Essa eleição terá a pré-campanha, a campanha e anti-campanha – já dizia um conhecedor dos assuntos da aldeia. E ela começa no tapetão. Ou melhor, já começou
Quinta-feira da semana passada, o PSD recebeu a intimação da segunda representação a que responde. A primeira, feita pelo PMDB, era sobre suposta campanha antes do prazo: o PSD pôs placas pela cidade, convidando as pessoas a se filiarem ao partido, e elas exibem o número que, depois, será usado pelo candidato na eleição.

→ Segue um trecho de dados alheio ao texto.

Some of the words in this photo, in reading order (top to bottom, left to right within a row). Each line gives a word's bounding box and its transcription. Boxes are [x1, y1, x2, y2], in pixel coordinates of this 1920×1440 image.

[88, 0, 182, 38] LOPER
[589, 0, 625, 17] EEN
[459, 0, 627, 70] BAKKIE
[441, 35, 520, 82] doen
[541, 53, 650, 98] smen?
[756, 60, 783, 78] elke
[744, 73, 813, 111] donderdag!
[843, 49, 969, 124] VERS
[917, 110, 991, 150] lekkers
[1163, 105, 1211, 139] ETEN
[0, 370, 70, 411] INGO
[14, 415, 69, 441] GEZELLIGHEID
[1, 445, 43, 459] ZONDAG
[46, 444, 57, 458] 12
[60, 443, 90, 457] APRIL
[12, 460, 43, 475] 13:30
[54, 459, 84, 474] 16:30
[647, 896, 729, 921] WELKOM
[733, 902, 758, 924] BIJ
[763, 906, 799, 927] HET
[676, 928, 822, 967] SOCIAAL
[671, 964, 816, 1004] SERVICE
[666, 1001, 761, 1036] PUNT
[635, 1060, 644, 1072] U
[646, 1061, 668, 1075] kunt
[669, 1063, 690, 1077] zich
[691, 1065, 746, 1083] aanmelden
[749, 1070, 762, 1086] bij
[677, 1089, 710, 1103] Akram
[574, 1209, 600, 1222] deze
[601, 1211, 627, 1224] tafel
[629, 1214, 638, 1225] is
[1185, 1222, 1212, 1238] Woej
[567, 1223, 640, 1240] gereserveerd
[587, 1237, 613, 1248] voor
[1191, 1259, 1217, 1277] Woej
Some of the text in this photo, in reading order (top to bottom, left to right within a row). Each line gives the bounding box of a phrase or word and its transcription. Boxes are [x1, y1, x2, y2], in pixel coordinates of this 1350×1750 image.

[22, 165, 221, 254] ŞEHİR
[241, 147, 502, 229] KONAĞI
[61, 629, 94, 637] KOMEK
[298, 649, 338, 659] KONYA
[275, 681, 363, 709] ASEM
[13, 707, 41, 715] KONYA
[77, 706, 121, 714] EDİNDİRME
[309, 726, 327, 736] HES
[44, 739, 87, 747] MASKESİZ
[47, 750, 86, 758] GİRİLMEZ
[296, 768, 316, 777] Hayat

Para o PMDB, isso não pode.
A segunda representação questiona quem pagou as placas. É essa que foi recebida na quinta. O autor: o Ministério Público eleitoral.
Dois exemplos que ilustram bem o clima dessa pré-campanha: a anti-campanha. Tudo ou quase tudo pode parar na Justiça – o tapetão, que é para onde vão as disputas do futebol fora de campo, agora faz parte da eleição. Não só fiscaliza; joga.
Os partidos não admitem oficialmente, mas as ações revelam a estratégia de fragilizar na Justiça a campanha dos adversários antes mesmo de ir às ruas em busca de votos.
O PDT também já anunciou que vai acionar seus advogados para representar contra o PMDB por suposto 'discurso de campanha' que o prefeito Marco Alba teria adotado em inaugurações de obras.
O PSD de Levi foi no embalo. A assessoria jurídica do partido não confirma, mas o candidato pensa em processar Cláudio Ávila, do PDT, por tentar ligá-lo pejorativamente à CPI das Próteses – o que, no entender de Levi, é calúnia e difamação. O assunto surgiu em postagem do Facebook, que tem sido o meio para críticas aos adversários e um imenso lago para essa pescaria jurídica em busca de provas de ofensas.
PSD, PDT e PMDB tem estruturas só para isso – tanto de advogados como de 'observadores de Facebook'. Não vão ter trégua até a eleição, quem sabe até depois dela, dessa vez.
Só quem vem passando ao largo dessa tática é Anabel Lorenzi (PSB). Pelo menos por enquanto.